Jules commented on :
And yet we see the latest from India that farmers are benefiting from this technology. The latest edition, published on 2 July, of the Proceedings of the National Academy of Sciences (PNAS), provides a long-term analysis of the agronomic and socio-economic impacts of GM pest-resistance (Bt) technology in cotton production in India over the period 2002-2008.
Headline findings of the study are that Bt adoption caused a 24% increase in cotton yield per acre through reduced pest damage and a 50% gain in cotton profit among smallholders. These benefits are stable; there are even indications that they have increased over time. The study further demonstrates that Bt cotton adoption raised household consumption expenditure, a common measure of household living standards, by 18% during the 2006–2008 period.

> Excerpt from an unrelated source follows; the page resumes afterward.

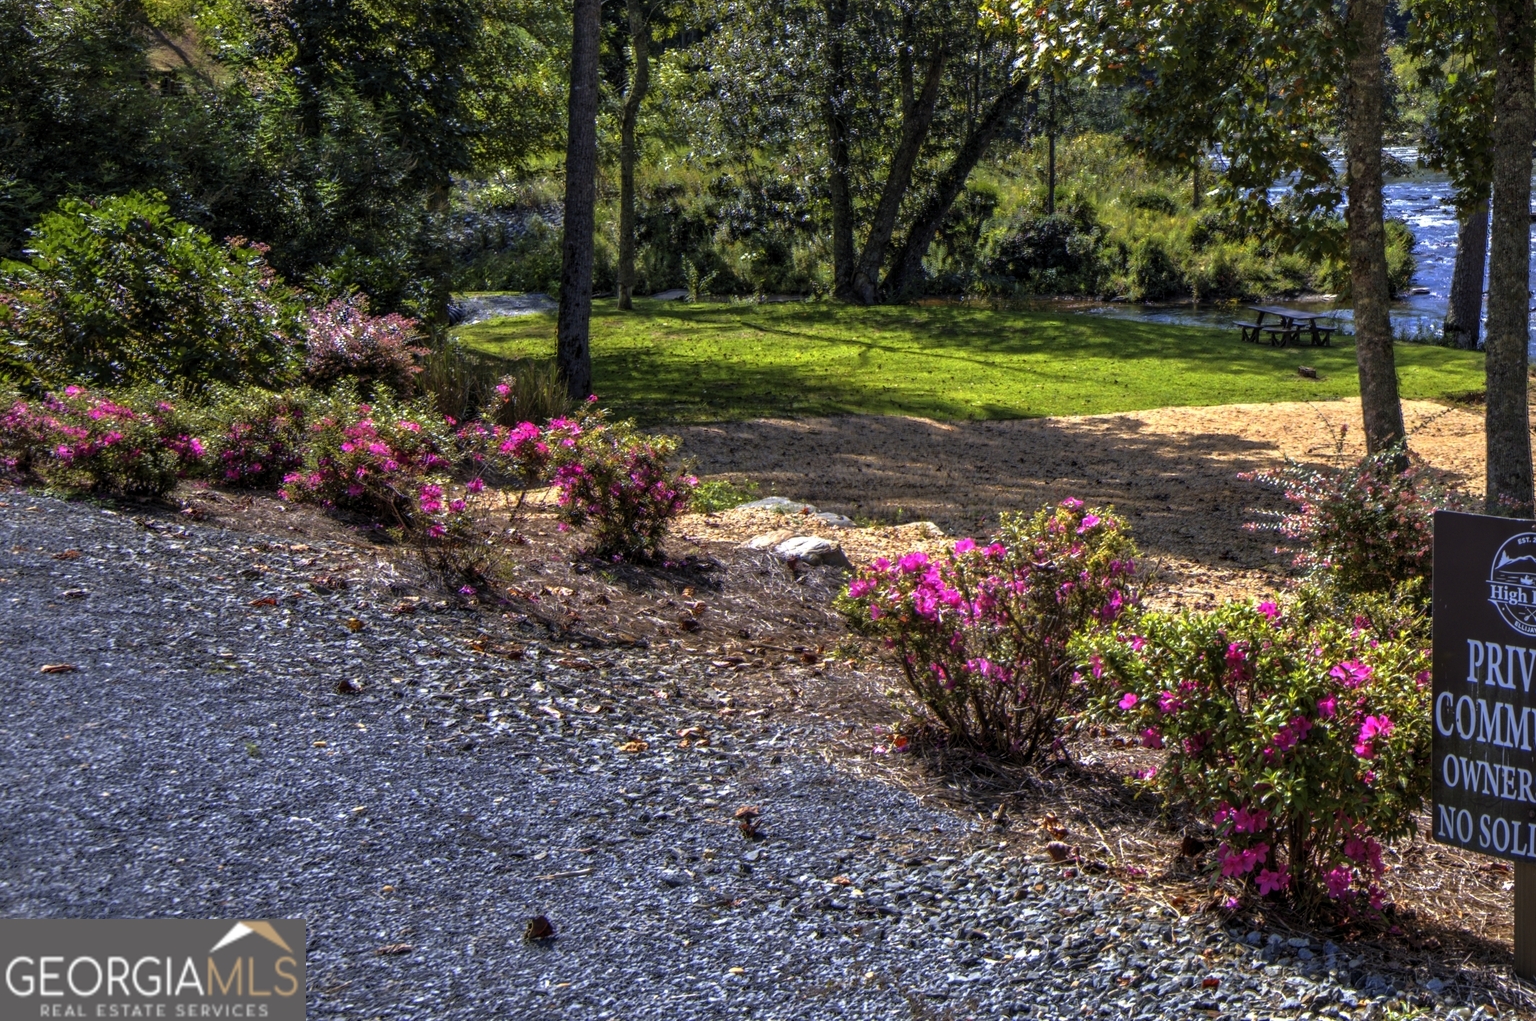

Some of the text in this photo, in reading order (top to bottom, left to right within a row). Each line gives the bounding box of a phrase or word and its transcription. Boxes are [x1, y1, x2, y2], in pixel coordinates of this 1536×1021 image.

[1517, 536, 1532, 545] EST.
[1490, 584, 1528, 605] High
[1438, 804, 1473, 843] NO

The study’s authors conclude that Bt cotton has created large and sustainable benefits, which are contributing to positive economic and social development in India
pheed commented on :
@jamesskinner “plenty of evidence of how GM plants growing outdoors can spread very easily” care to link to evidence?
The rest of your point is very interesting. I am not sure that intensive industrial agriculture can be written off – if you consider the economies of scale, it makes more sense (and takes up less wild land) to have several big farms feeding a city than lots of traditional farms that consume more energy in toto and can only feed half a village each.
(‘slash and burn’ agriculture is also traditional – just cause it has traditionally worked in the short term doesn’t mean it’s expandable to widespread use or sustainable.)
It is also not that great in terms of employment for your ‘human energy’ providers- ask seasonal fruit pickers,
Totally with you on ecology research and the commercialisation of GM – Norman E. Borlaug would roll in his grave at gene patenting.